Jeb's DogBlog - Canine Comfort

Chapter 5

December 20, 2012

You know, one of the problems with being a dog in a newsroom is that I'm empathetic and pick up on lots of emotions. Well, as you might imagine, this has been a very difficult week following the school shooting in Newtown.  Most of my colleagues have kids and they feel the pain and sorrow of the parents in Newtown.  Anyone who tells you news people are cold and unfeeling and cynical have NOT met my coworkers.

Because we dogs are so empathic, we make good counselors when people are hurting. I've been doing my best to cheer up my newsroom friends and I was not surprised to see that a random herd of Golden Retrievers was helping the folks of Newtown. Go, Goldens!

Oh, I stand corrected. Marianne says these are special dogs and handlers from the K-9 Parish Comfort Dogs of Lutheran Church Charities. You can read more about these furry helpers at They have been featured in a bunch of news stories, which you can see here: I still say, Go Goldens!

It seems there are other organizations that provide crisis and disaster response dogs. My friend Vicki D'Amico, a Canine Companions puppy raiser in Georgia, sent out an email to the Canine Companions puppy raiser community.

Vicky wrote "While they are all certified therapy dogs, these K9 teams go through extensive training in disaster, emergency, and crisis response and receive any extra certification to do this type of work.  They are usually members of their local Community Emergency Response Teams (CERT) and State Emergency Management organization and FEMA.  The handlers may or may not be psychologists, but have undergone extensive and on-going training by these emergency organizations in disaster psychology (but are not intended to replace professional psychologists).   The groups do not self-deploy but must be invited in by an emergency response agency such as Red Cross or FEMA."

Fascinating, no? Well, I thought so, and I wanted more information, especially when she said that she and her dog Gordon are a K-9 team with HOPE Animal-Assisted Crisis Response ( Gordon is a 12-year old Canine Companions Change of Career Dog, wouldn't you know.

JEB:  How did you and Gordon get into this type of work? 

VICKY:  During Hurricane Katrina, Atlanta was the first city to receive the evacuees from New Orleans and the first Red Cross shelter was just a few miles from my house.  I felt an overwhelming need to do something, to help out, so I just took my therapy dog (Gordon) down to the shelter to offer my assistance. I did not know at the time this was not the protocol and I needed to be invited by the Red Cross. However we were welcomed with open arms and I was amazed at how much they wanted and needed us there.  I meant to only spend an hour visiting and before I knew it, we’d been there for FOUR hours. 

JEB:  Wow. What was that like?

VICKY: We were literally swarmed when we got into the building and so many people just needed to share their stories; as they hugged Gordon they released their tears of sorrow and grief about having to leave their animals behind and not knowing if they’d ever see them again.  We also played with the small children who were stuck in the shelter and welcomed the distraction and affection of a dog.  After that experience I decided I wanted to get more involved with disaster and crisis work with my dog and after much research found HOPE AACR. 

JEB: Did you have to go through a lot of training? 

VICKY:  The training for HOPE AACR is extensive and on-going. The handler and canine have to pass a series of tests including a temperament test and a role playing scenario of a disaster call-out at a Red Cross shelter.  After passing these tests the handlers and dogs go through a three-day training program with more role playing scenarios and emergency/disaster psychology training. 

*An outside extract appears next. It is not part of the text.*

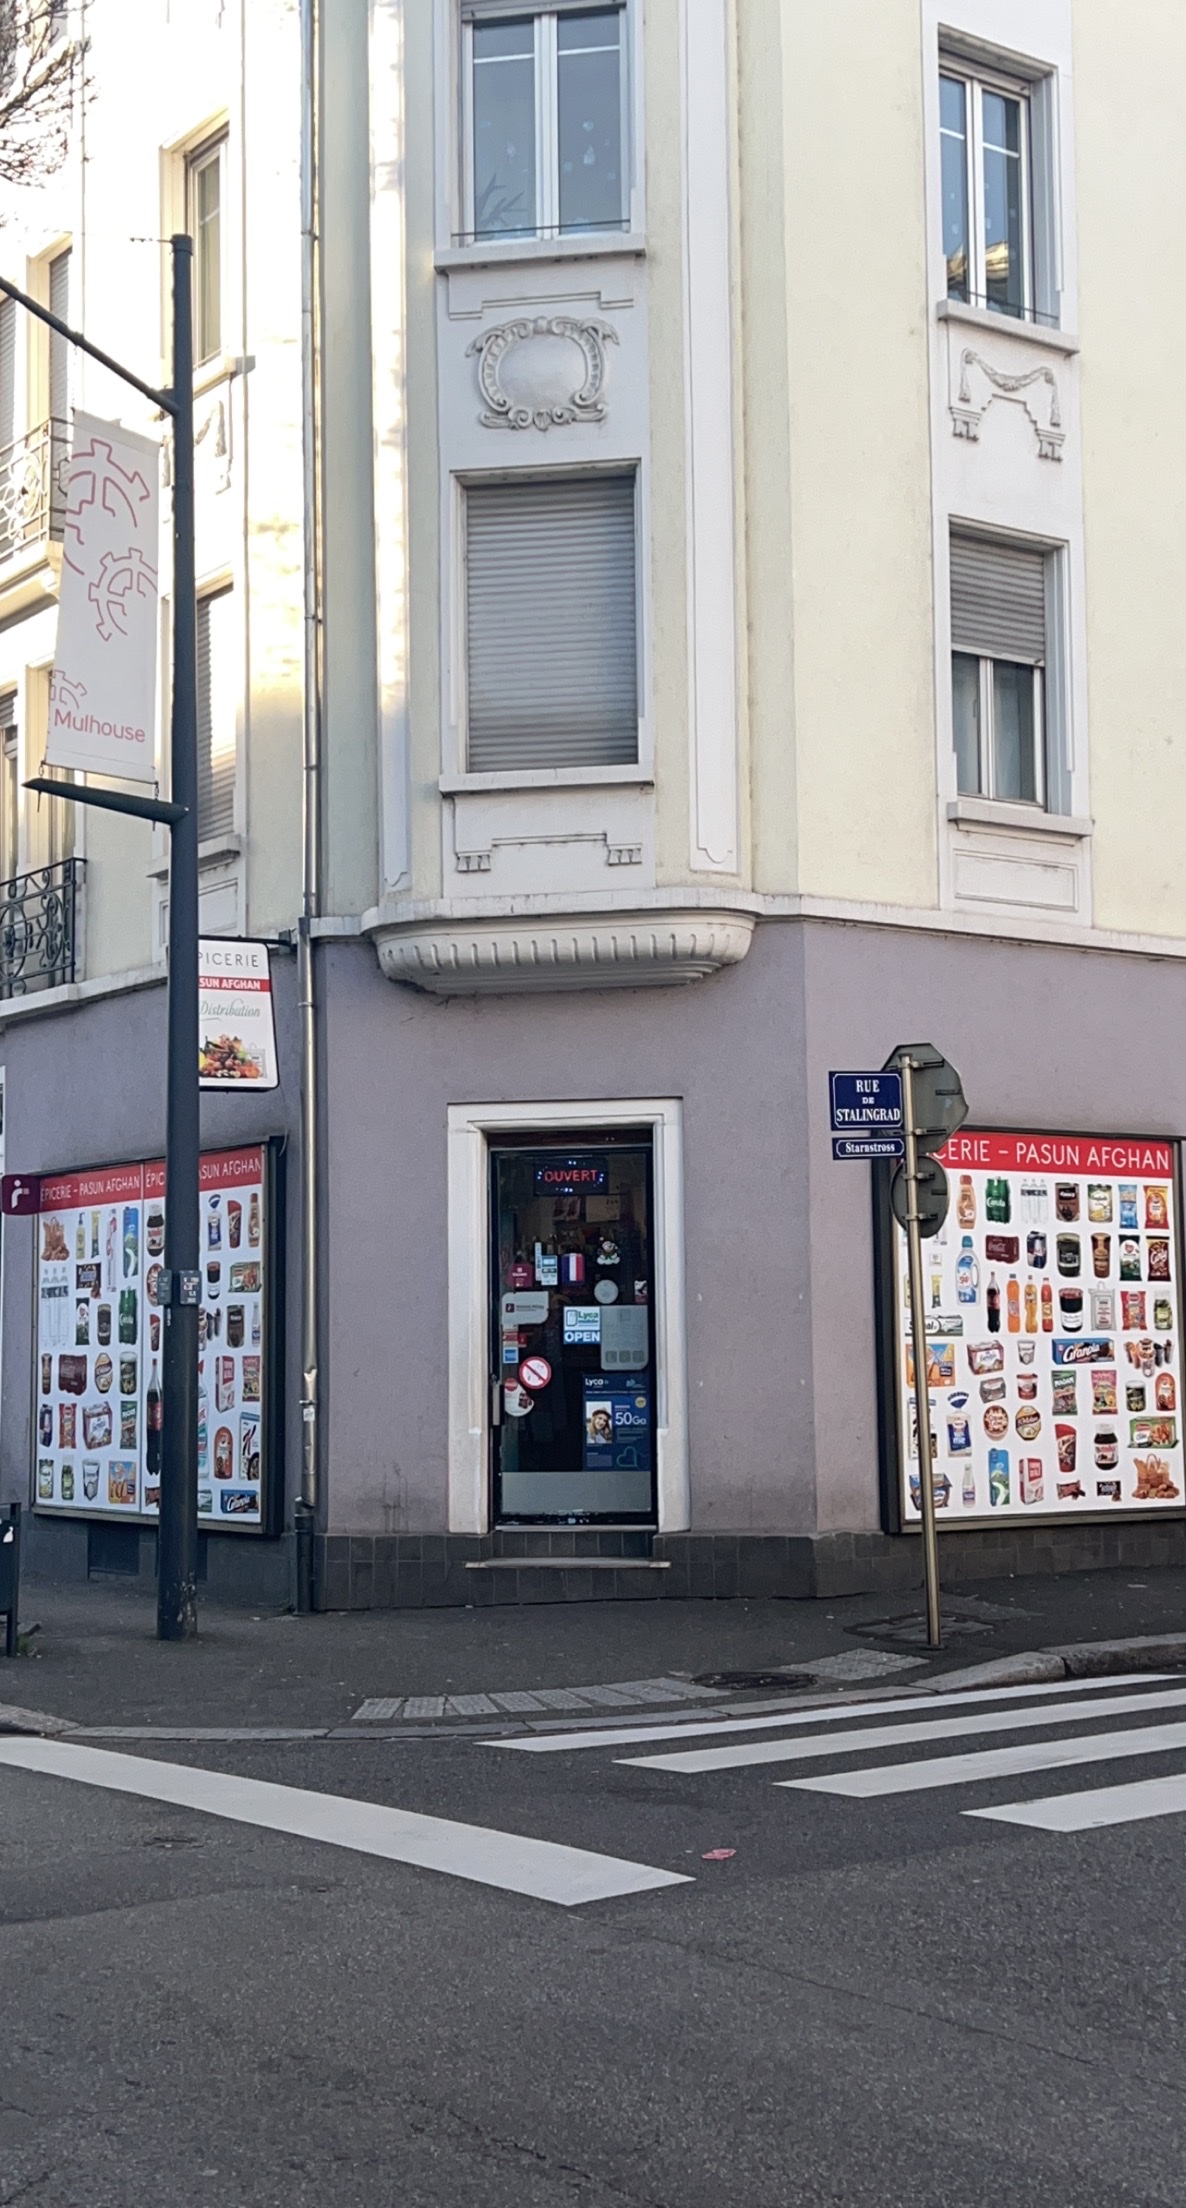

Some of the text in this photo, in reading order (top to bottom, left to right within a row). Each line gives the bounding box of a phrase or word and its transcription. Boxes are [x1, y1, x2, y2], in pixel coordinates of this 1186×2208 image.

JEB: Jeez, that sounds like a lot of work.

VICKY:  Yes, and that's not all. We are required to attend continuing education courses through local and/or national emergency management organizations each year to keep up our skills!

JEB: How often do you and Gordon do this kind of work?

VICKY:  Well, it's not specific; it's based on the need after a disaster or emergency.  If we do have a call-out we are usually on site for two to three days. After that it becomes too stressful for the handlers and dogs. 

JEB:  I can only imagine. Have you been called out recently?

VICKY:  Yes, our Northeast Region teams have been assisting and visiting with residents in New York and New Jersey after Hurricane Sandy.  In September 2011 Gordon and I attended a 9/11 10th anniversary memorial service in Kennesaw, Georgia where we provided comfort and support to many who lost loved ones at the World Trade Centers.

Bravo! I say to Vicky and Gordon. Maybe if this CCI gig doesn't work out for me I could sign on as a Comfort Canine. Hmmmm.